Word for word, restate the data that follows, omitting the images.
[INPUT DATA Boundary: Start]
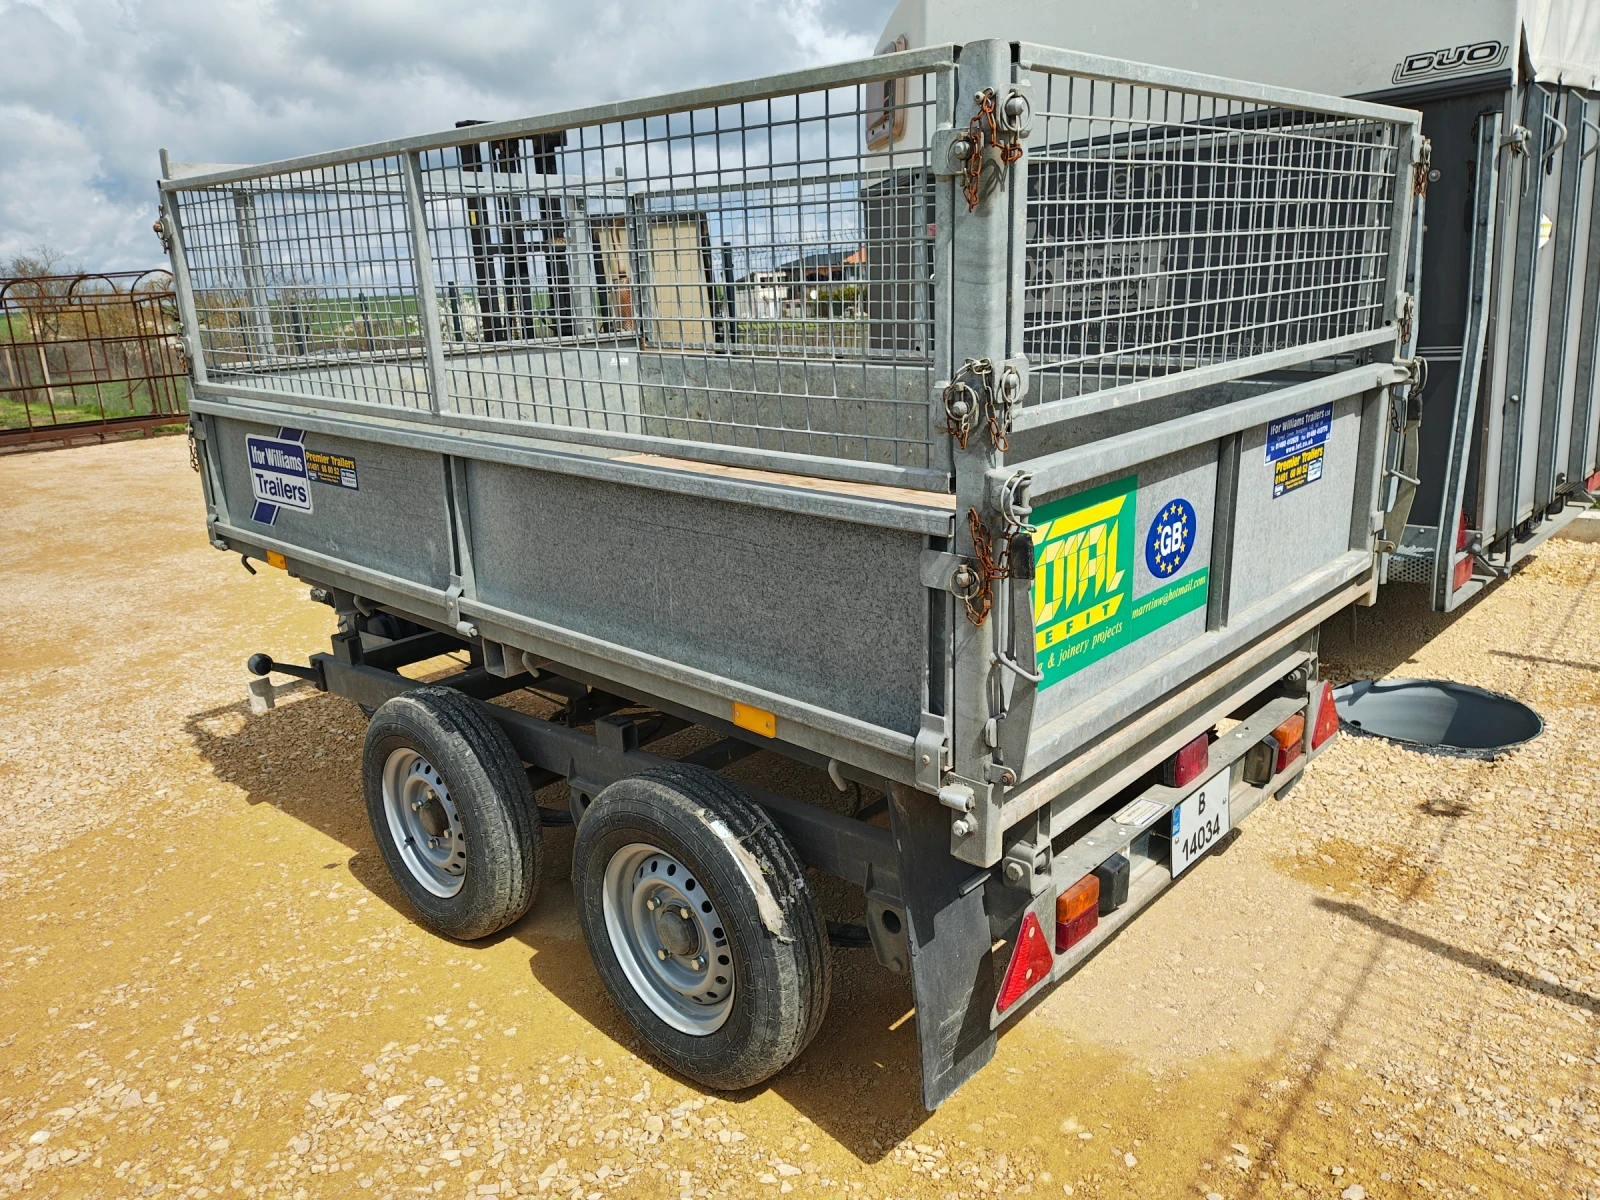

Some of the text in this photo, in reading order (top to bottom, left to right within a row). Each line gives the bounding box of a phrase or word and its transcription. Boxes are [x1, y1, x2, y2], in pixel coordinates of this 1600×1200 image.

[1400, 40, 1502, 77] DUO
[1282, 416, 1305, 431] Williams
[1305, 408, 1325, 423] Trailers
[250, 445, 303, 472] Ifor Williams
[305, 451, 355, 470] Premier Trailers
[1275, 455, 1301, 474] Premier
[1301, 446, 1324, 464] Trailers
[254, 473, 307, 503] Trailers
[1160, 521, 1184, 557] GB
[1047, 622, 1123, 669] & joinery projects
[1198, 791, 1206, 817] B
[1182, 812, 1221, 862] 14034
[INPUT DATA Boundary: End]
WRITTEN RESPONSE —
Some of the text in this photo, in reading order (top to bottom, left to right within a row). Each line gives the bounding box of a phrase or word and its transcription. Boxes are [x1, y1, x2, y2], in pixel coordinates of this 1600×1200 image.

[1400, 40, 1502, 77] DUO
[1282, 416, 1305, 431] Williams
[1305, 408, 1325, 423] Trailers
[250, 445, 303, 472] Ifor Williams
[305, 451, 355, 470] Premier Trailers
[1275, 455, 1301, 474] Premier
[1301, 446, 1324, 464] Trailers
[254, 473, 307, 503] Trailers
[1160, 521, 1184, 557] GB
[1047, 622, 1123, 669] & joinery projects
[1198, 791, 1206, 817] B
[1182, 812, 1221, 862] 14034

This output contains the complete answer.